Saudi Arabia’s place in the global legal market today
In the spring of this year, an exciting legal milestone was realized, Tabbaa said, with the issuance of a new regulation allowing foreign law firms to operate in the Kingdom of Saudi Arabia, either by forming a joint venture with local law firms or lawyers, or through the creation of branch offices.
“Previously, international law firms had to operate in affiliation with other local law firms. This new development is therefore likely to significantly alter the shape of the current legal market,” he said.
He predicts several JVs being incorporated between international law firms, local lawyers and branch offices. “This will, in turn, further cement Saudi Arabia’s importance and role in the global legal market and I think we’ll see increased investment from international law firms into the region as a result.”
Tadros said giga projects Neom, Amaala, and the Red Sea Development Project, part of the Vision 2030 diversification drive, would ensure Saudi Arabia remained an important player in the global legal market. “These are extremely important projects and are set to drive foreign investments and increase spending in the economy, as the Kingdom is expecting $7 trillion in investment and government spending to materialize by the end of the decade,” she said.
Focus areas for law firms based in the region today
The main areas of economic focus across the region are energy and natural resources, financial services, transportation, life sciences and healthcare, and entertainment and media, Kerur said.
“Natural resources and infrastructure remain the region’s main economic drivers but diversification is coming quickly and law firms with the expertise to support these growing industries should do well.”
Project work generally, whether energy, water or infrastructure-related, will remain a large focus for many international law firms, while other areas include M&A and transaction work, Tabbaa said.

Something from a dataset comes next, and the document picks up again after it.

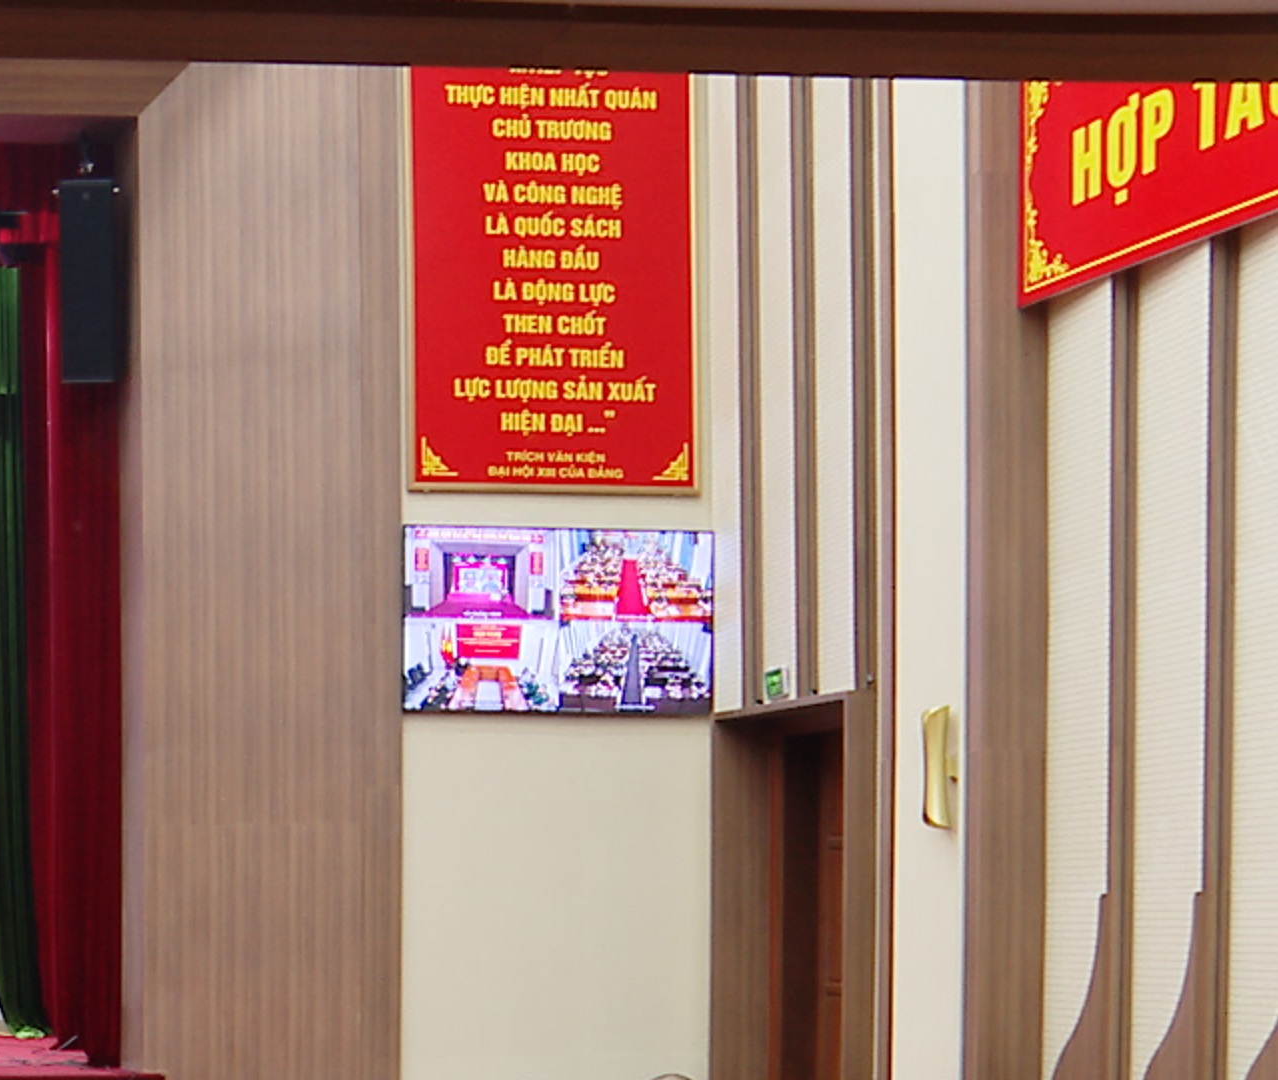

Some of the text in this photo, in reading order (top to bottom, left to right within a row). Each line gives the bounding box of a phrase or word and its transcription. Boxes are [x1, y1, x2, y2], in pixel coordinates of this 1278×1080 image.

“Again, governments haven’t necessarily been affected by the events and crises happening in much of the world. On that basis, there have been a lot of interesting deals taking place in the region, including initial public offerings and other financings,” he said. “Arbitration is another area of focus, whether that’s commercial, construction, investment treaty, or investment protection.”
Tadros is encouraged by the blossoming talent pool in the region, especially in terms of home-grown expertise, on both the legal and commercial sides. “There’s also been a notable uptick in the number of talented employees from abroad, tempted by the increasing focus on gender equality, the success of recent international events in the region, and the continued investment in advanced technological infrastructure.”